Лори, как я заметил, была пяти футов пяти дюймов ростом и удивительно сложена, но она казалась почти крохой рядом с Евой — высокой амазонкой пяти футов девяти дюймов, или что-то около того, крупной женщиной с нежными, плавными изгибами, красивыми длинными ногами и умопомрачительным пышным бюстом, который распирал пушистый свитер.

Лори — загорелая, живая, энергичная, в то время как кожа Евы — гладкая и бледная; двигалась она грациозно, осторожно, завлекающе. У Евы были бледно-зеленые глаза бирманской кошки, раскосые, опасные глаза восточного типа, а волосы — густые, слегка волнистые, черные и блестящие. Пышная челочка оттеняла белый лоб. Эта челка смотрелась нелепо, потому что в Еве уже не осталось ничего от маленькой девочки. Ее глаза и брови были густо накрашены, а оранжевая губная помада подчеркивала широкий хищный рот. Оранжево-розовый лак блестел на длинных ногтях. Если бы не черные волосы, эта женщина состояла бы из одних теплых пастельных тонов: и глаза, и рот, и ногти, и гладкая белая кожа…
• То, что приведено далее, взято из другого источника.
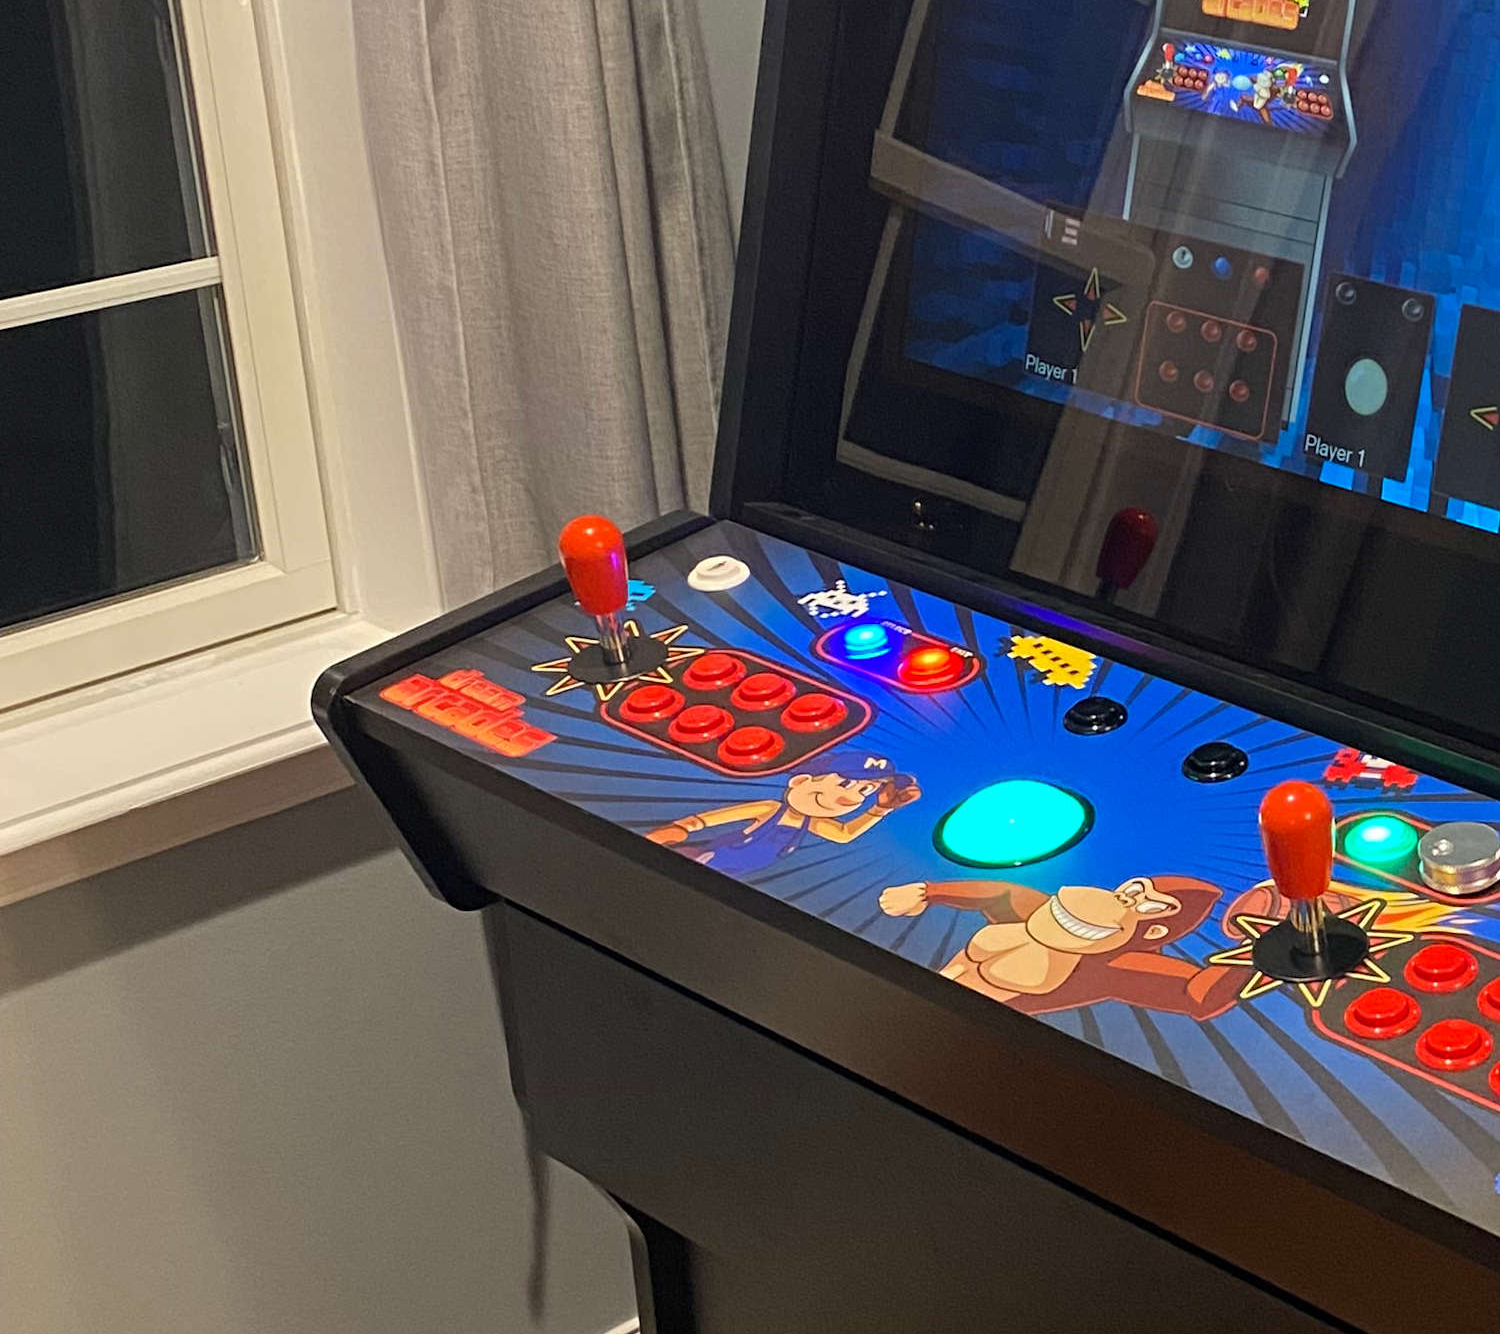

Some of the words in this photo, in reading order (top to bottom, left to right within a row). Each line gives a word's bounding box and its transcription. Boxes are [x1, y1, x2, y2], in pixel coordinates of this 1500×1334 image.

[1025, 353, 1067, 381] Player
[1071, 368, 1079, 385] 1
[1304, 433, 1354, 463] Player
[1357, 449, 1365, 468] 1
[438, 669, 527, 712] dream
[380, 675, 556, 756] arcades
Джим сказал Еве, что все прекрасно, умоляюще попросил сообщить нам о своем согласии как можно скорее, поскольку неопределенность его просто убивает. Она кивнула, улыбнулась и пошла крадучись. Мы смотрели, как двигаются длинные красивые ноги, над ними соблазнительно покачивались бедра — возбуждающее зрелище. Лори сказала, что присоединится к нам позже, и ушла следом за Евой; наблюдать за ней было еще приятней.

Я повернулся к Джиму.

— Что это за трепло болтает с Адамом? Он глянул и в недоумении покачал головой.

— Никогда раньше его не видел. А что?

— Просто любопытно. Я где-то с ним встречался. Джим продефилировал к бару за очередной порцией виски. Я подошел к буфету и нагрузил в картонную тарелку сандвичей, толстых кусков сыра, индейки и омаров.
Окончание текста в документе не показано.